Edgard chegou a esboçar uma música sobre o tema, que acabou não entrando no álbum. "Rock aos 40" será uma futura música sobre o aumento do mau humor, a into-lerância, a não aceitação de bandas novas que são sempre apresentadas como a sensação do momento. "A gente não pode demorar muito senão vai ficar 'Rock aos 50'", brinca o guitarrista. Do alto de seus 45 anos, ele é o caçula dos quatro (ainda que apenas 20 dias mais jovem que Nasi). Numa banda, porém, a meia-idade inexiste e crises podem acontecer por qualquer motivo - o disco que não foi bem aceito, o músico que des-pirocou e se afundou em drogas, o equipamento roubado na turnê. Como qualquer banda, o Ira! viveu algumas delas, mas soube sair ileso. Influências musicais novas e antagônicas não fazem parte da lista de problemas. "Hoje, nós temos dentro do Ira! várias vertentes diferentes da nossa música. No início de uma banda, todas as setas estão numa direção só", Nasi conjectura. "Nós estamos aí completando o chamado 'blue label': 25 anos engarrafados." Pausa para a gargalhada, e o vocalista completa: "É na-tural que você individualize seu gosto, não saímos mais em turma para beber e cair na gandaia". Nem ele, o único solteiro na banda, sente a necessidade de sair a toda hora. "Eu trabalho na balada", explica. "Meu trabalho é música alta, luz psicodélica, gente bebendo e cheia de amor para dar." Nova pausa para gargalhar. "Quando volto para minha casa, gosto de ficar aqui."

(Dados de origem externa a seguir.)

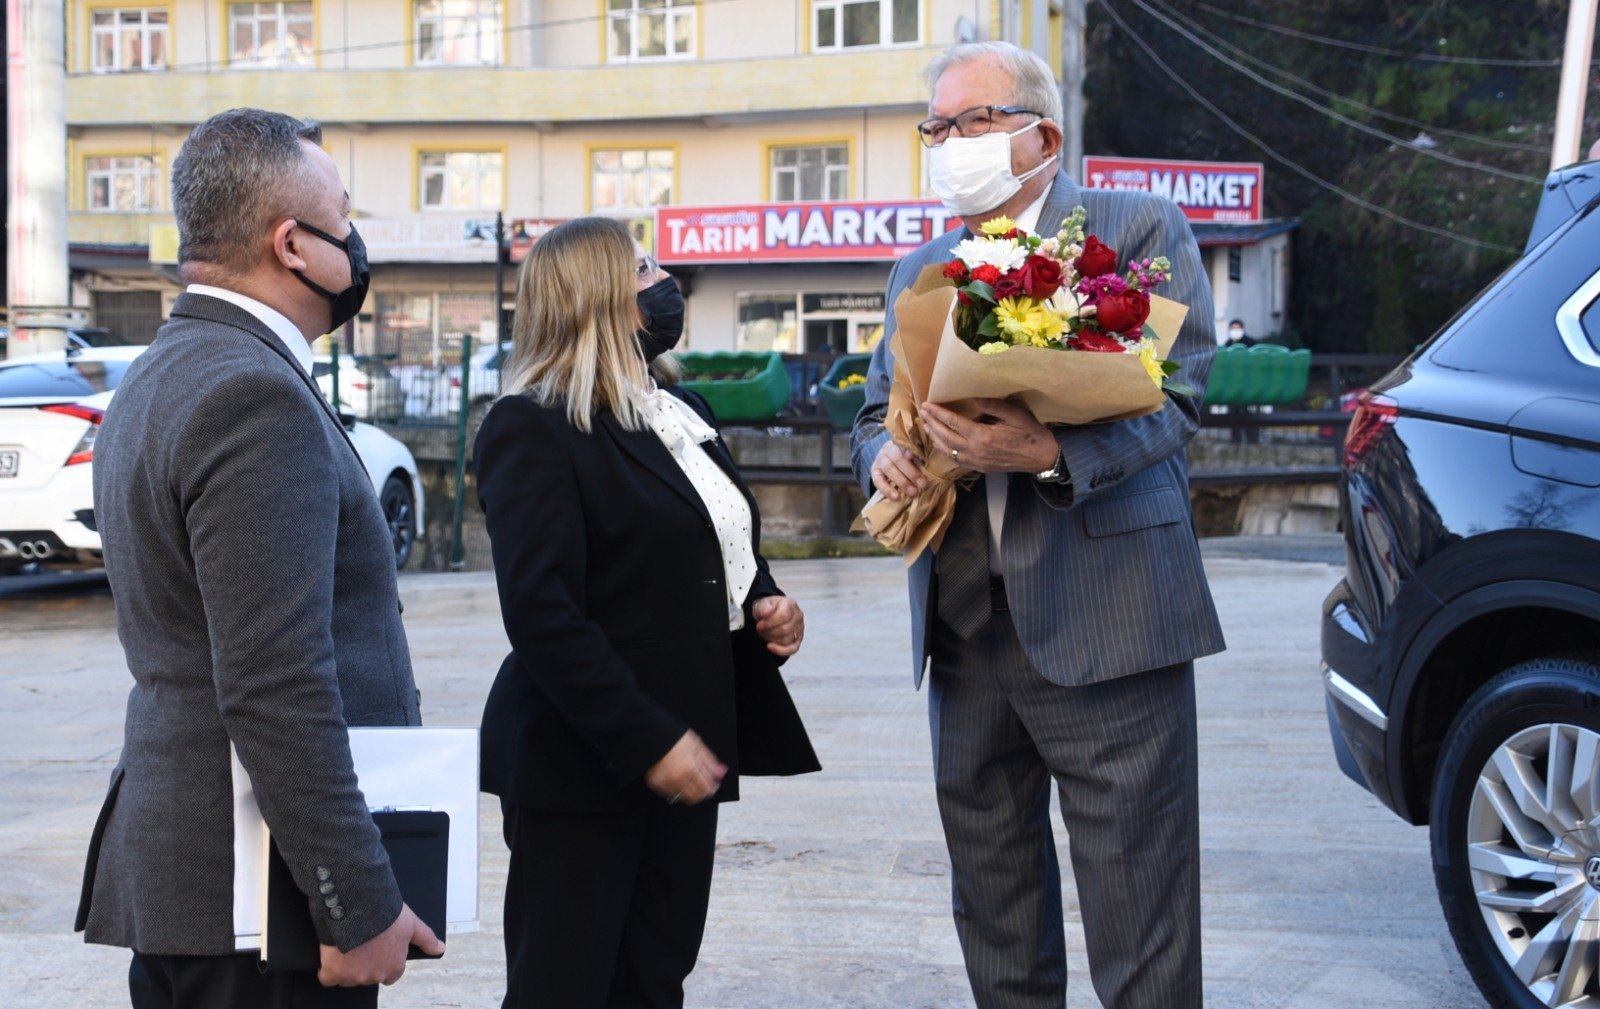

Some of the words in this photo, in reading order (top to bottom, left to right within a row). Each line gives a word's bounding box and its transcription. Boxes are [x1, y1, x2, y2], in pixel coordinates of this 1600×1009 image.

[1151, 171, 1256, 206] MARKET
[667, 217, 759, 253] TARIM
[765, 207, 950, 247] MARKET

Em alguma noite de 1983, pouco mais de 20 pessoas sentadas na arquibancada de madeira do espaço Lira Paulistana, em São Paulo, assistiam ao IRA (na época, com todas as letras maiúsculas, como a sigla do Irish Republic Army, o Exército Republicano Irlandês) satisfeitas em encontrar algo novo, por mais inconscientemente familiares que fossem as notas que saíam das cordas inversas do guitarrista canhoto. O vocalista magrelo, de cócoras e olhando distante em direção a nós, na platéia, entre um solo e outro, não pensava em crises. Também parecia não fazer idéia de que sua banda entraria no primeiro escalão do rock nacional.

"Somos uma banda clássica de rock no melhor sentido: um lead singer atrevido e esquentadinho, um guitarrista maluco e virtuoso, um baixista impávido e musicalmente preenchendo os espaços vazios no campo e um baterista dando o ritmo", Nasi sintetiza. O Ira! mudou menos seu som do que suas novas e diferentes predileções musicais. Melhorou o quanto a idade permitiu. E finalmente conseguiu, por conta disso tudo, o efêmero posto de maior banda de rock do Brasil. Pelo menos por enquanto.